The statement said the pact includes protections for staffing based on the level of care a patient’ illness requires, not based on UC budgetary goals; protections from unsafe assignments to areas requiring specialty expertise; improved protections around shift rotation; and language ensuring RNs’ right take their lawful meal and rest breaks.

“All of these safe staffing protections make for safe patient care … which is what UC patients deserve,” according to the statement.

The agreement also includes protections from violence.

“Given that healthcare workers experience extremely high rates of workplace violence, nurses say it’s critical that the tentative agreement states UC facilities must have a comprehensive workplace violence prevention plan in place in line with California’s nation-leading workplace violence law, as well as protections from sexual harassment,” according to the statement.

Additionally, healthcare workers cannot protect their patients without being protected themselves, say nurses, and to that end, the tentative agreement includes language strengthening the policies and equipment necessary to control the spread of communicable diseases in the hospital.

The tentative pact includes pay increases of at least 15 percent over the term of the contract, with additional wages that address economic disparity for a number of locations and job classifications, contributing to the recruitment and retention of quality, experienced nurses for the community. Nurses dedicating their lives to caring for UC patients also deserve to retire with dignity, say nurses who fought hard to ensure the tentative agreement preserves and protect pension benefits.

“We are beyond thrilled at this huge achievement, which is not just a win for RNs, but for everyone in our care. We did this for communities all over California, because it is our duty to advocate for them,” said bargaining team member Michelle Kay, Nurse Practitioner at UCB Student Health.

The California Nurses Association has 100,000 members statewide and is affiliated with National Nurses United, the largest and fastest growing union of RNs in the nation. CNA/NNU say they have won landmark health and safety protections for nurses and patients in the areas of staffing, safe patient handling, infectious disease and workplace violence protection.

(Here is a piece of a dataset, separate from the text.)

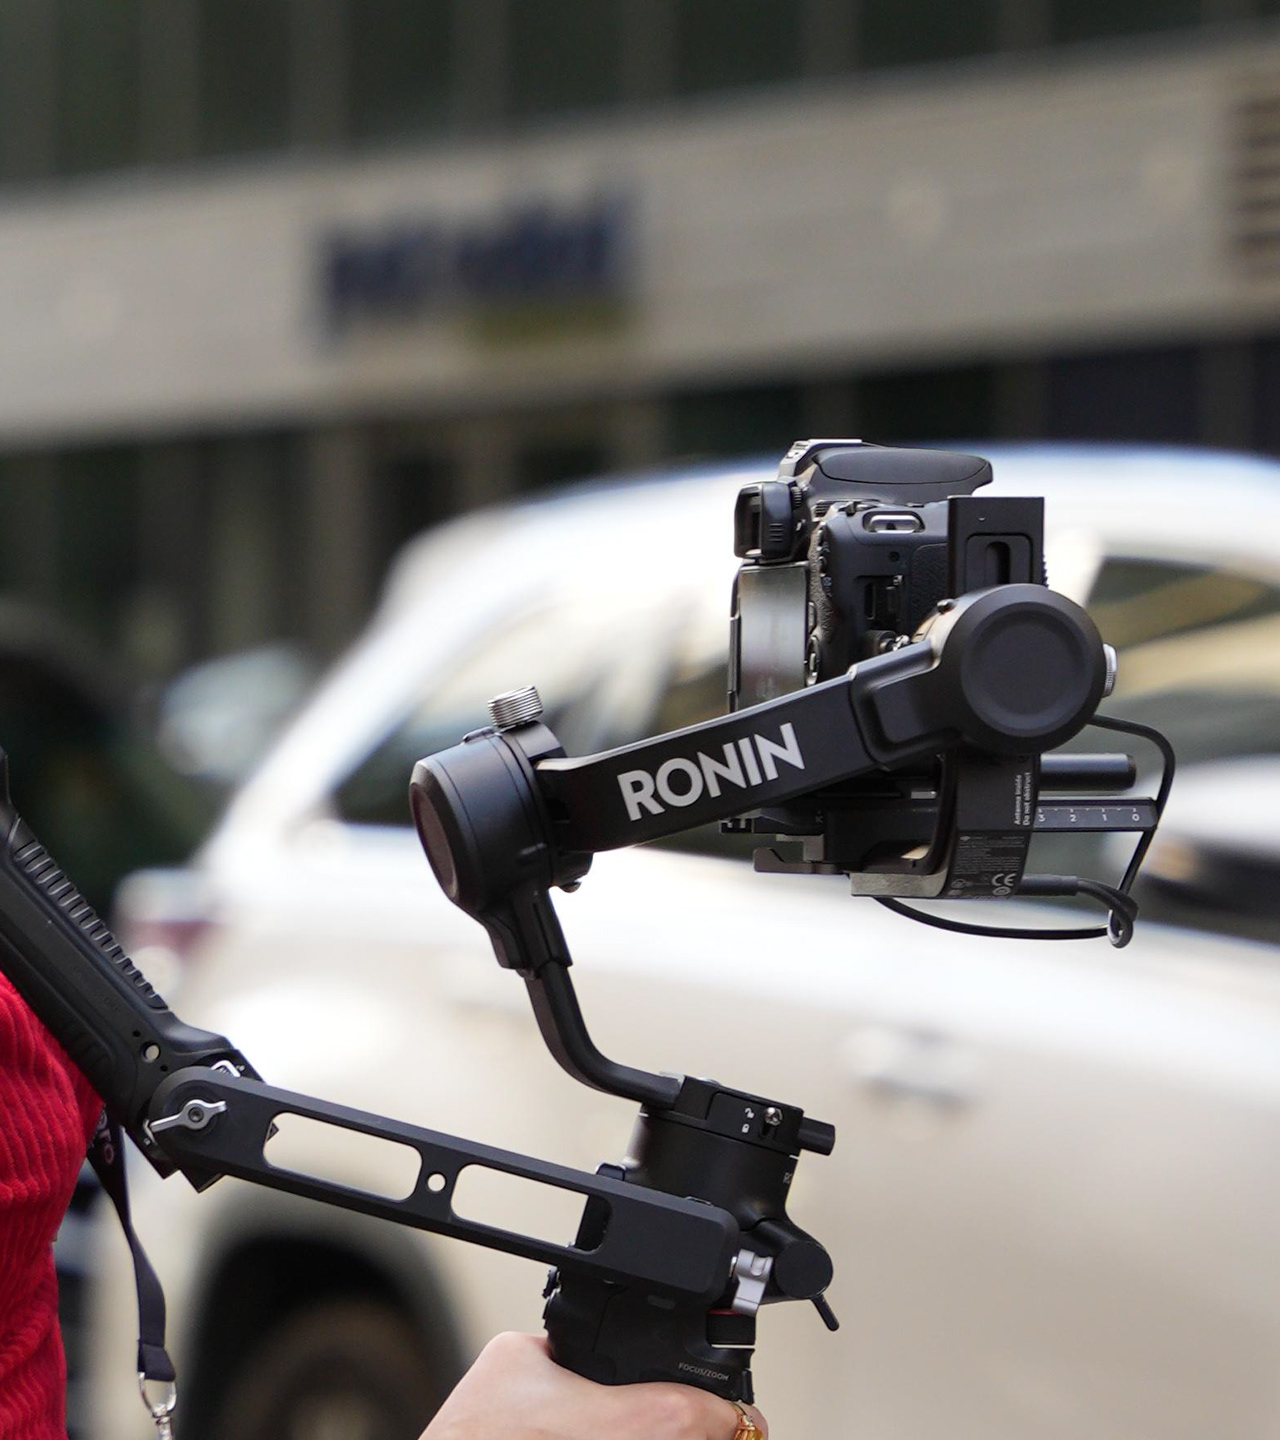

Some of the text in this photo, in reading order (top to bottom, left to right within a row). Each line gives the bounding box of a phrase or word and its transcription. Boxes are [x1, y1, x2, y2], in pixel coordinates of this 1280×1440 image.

[617, 722, 805, 821] RONIN
[1038, 813, 1140, 822] 3 2 1 0
[991, 873, 1015, 886] CE
[678, 1362, 730, 1381] FOCUS/ZOOM
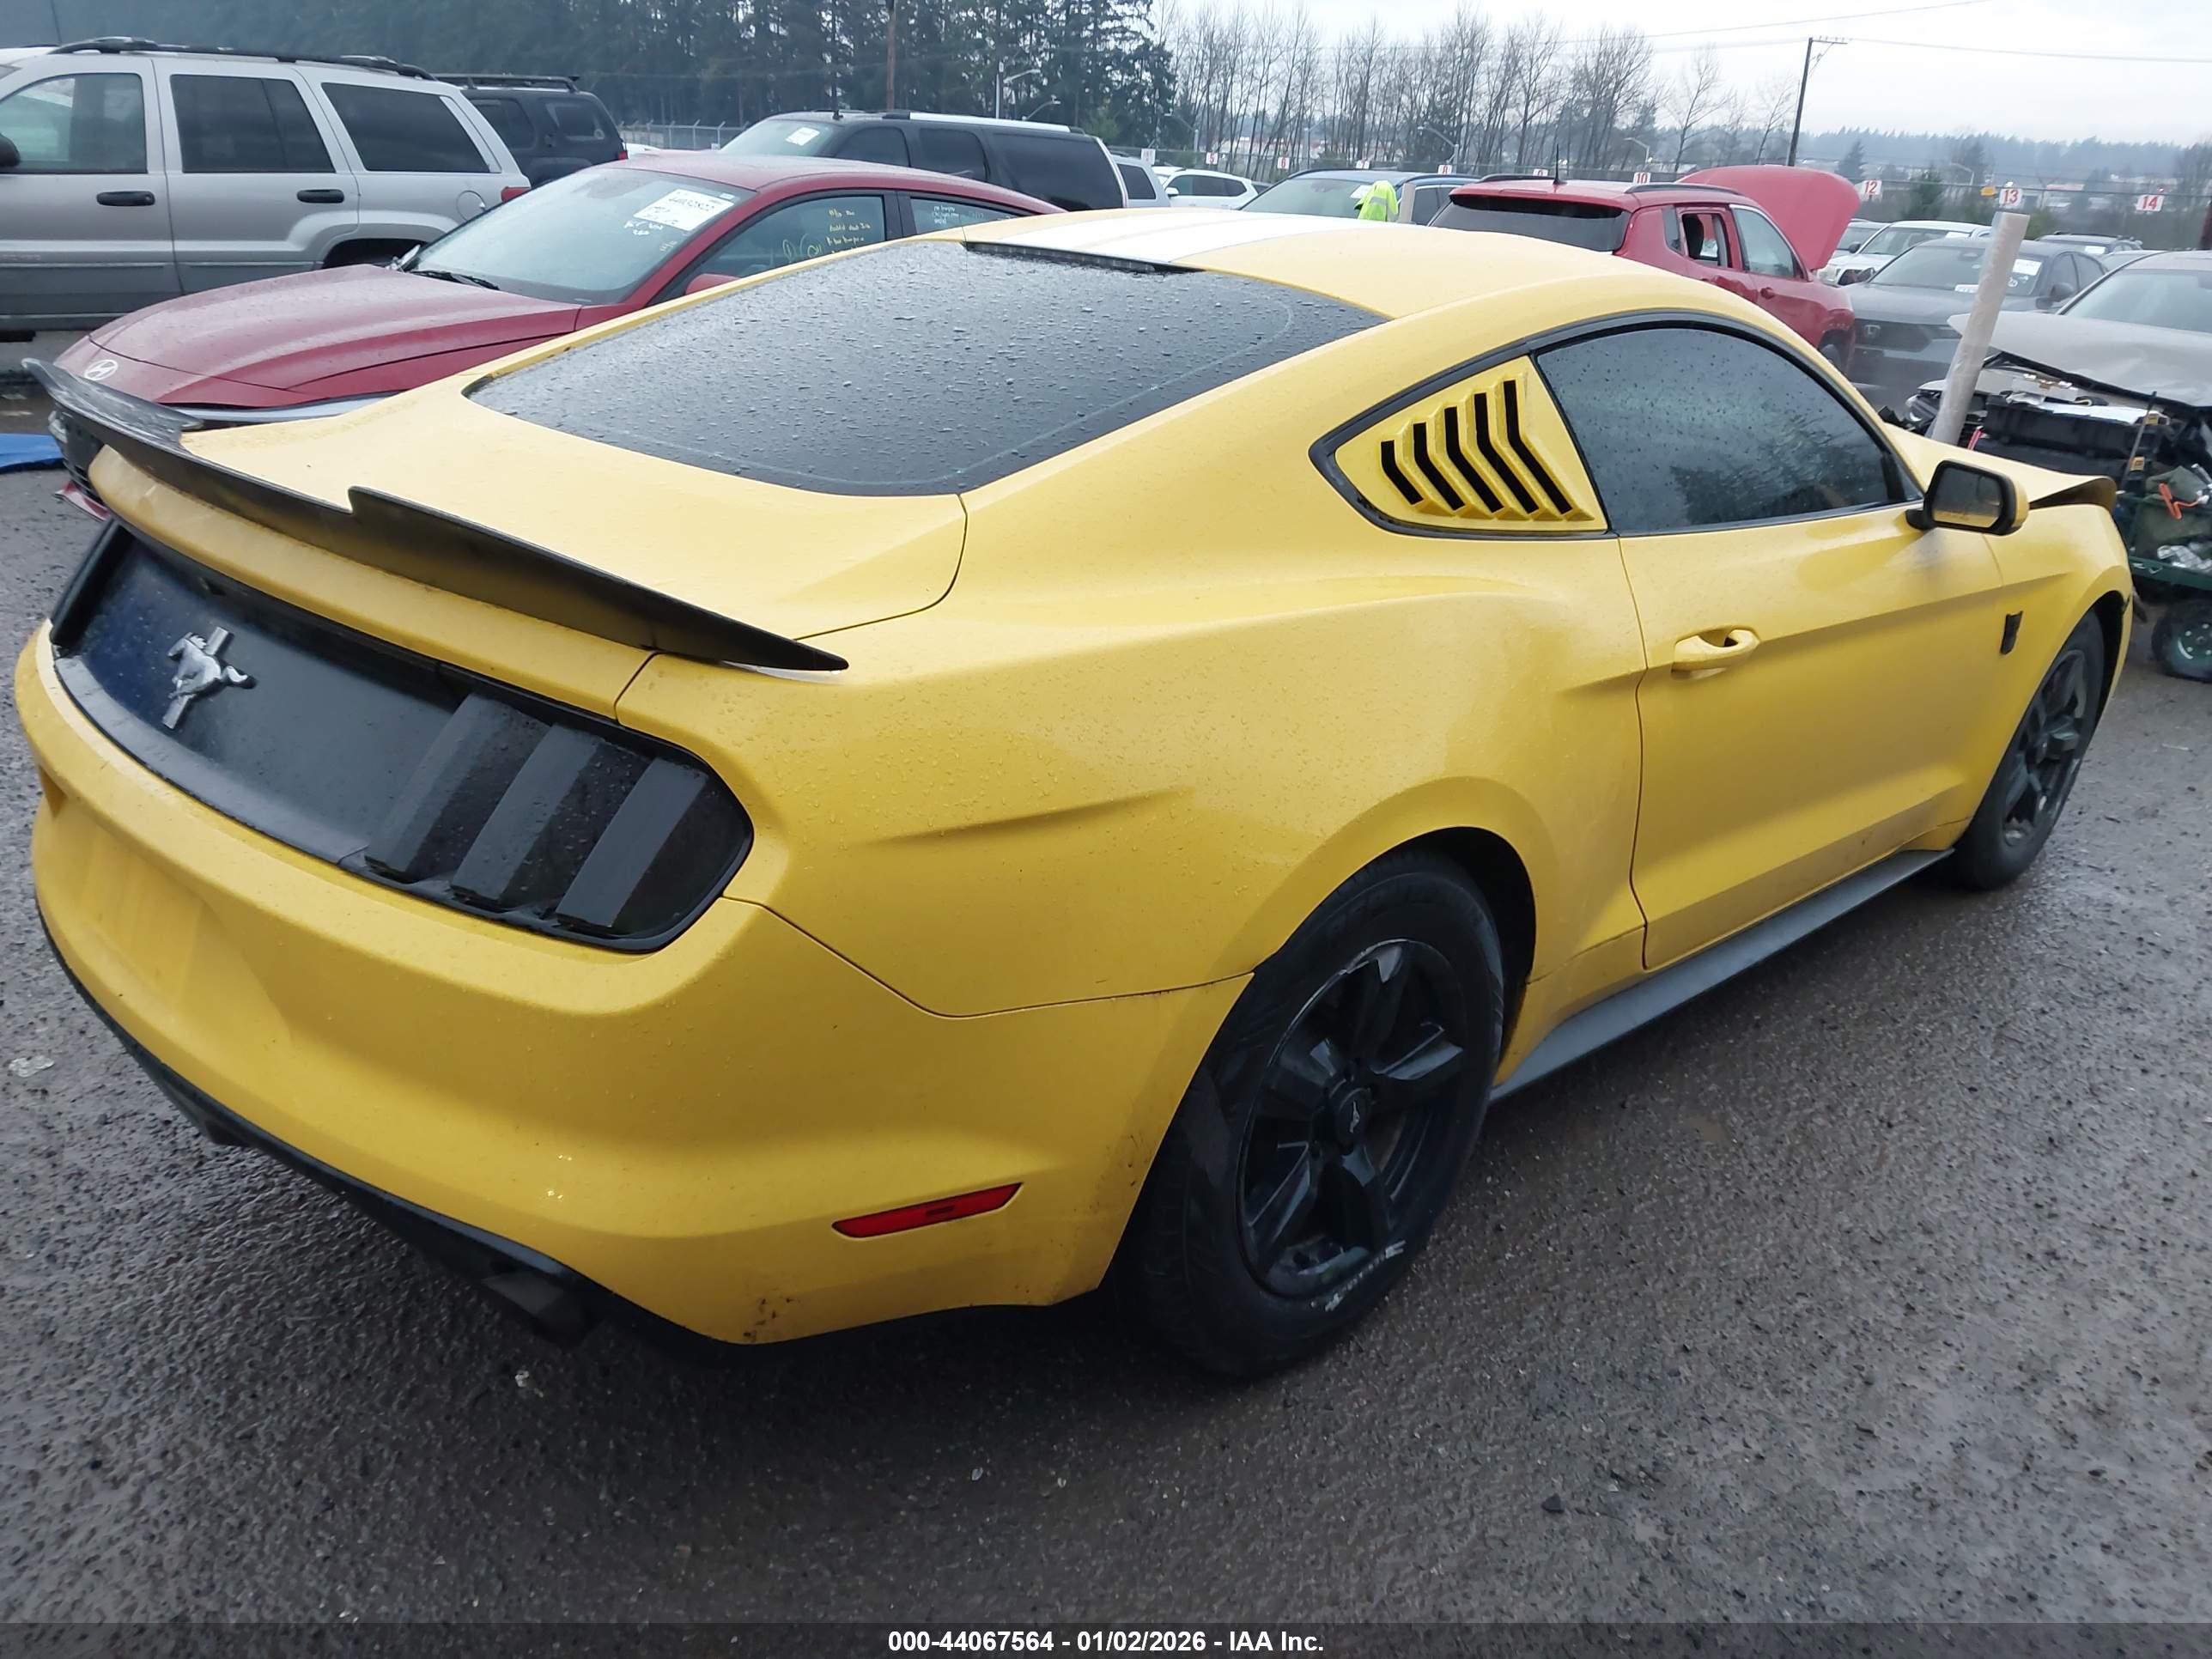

There was no immediate reaction from the UC system, but Dwaine B. Duckett, UC vice president for human resources, praised both sides after the tentative agreement was announced last weekend.

“Leadership from both sides got back to the table and worked very hard to resolve the issues, and we are pleased to have reached a tentative agreement at this point,” Duckett said. “We appreciate our nurses ongoing dedication to their patients and to UC.”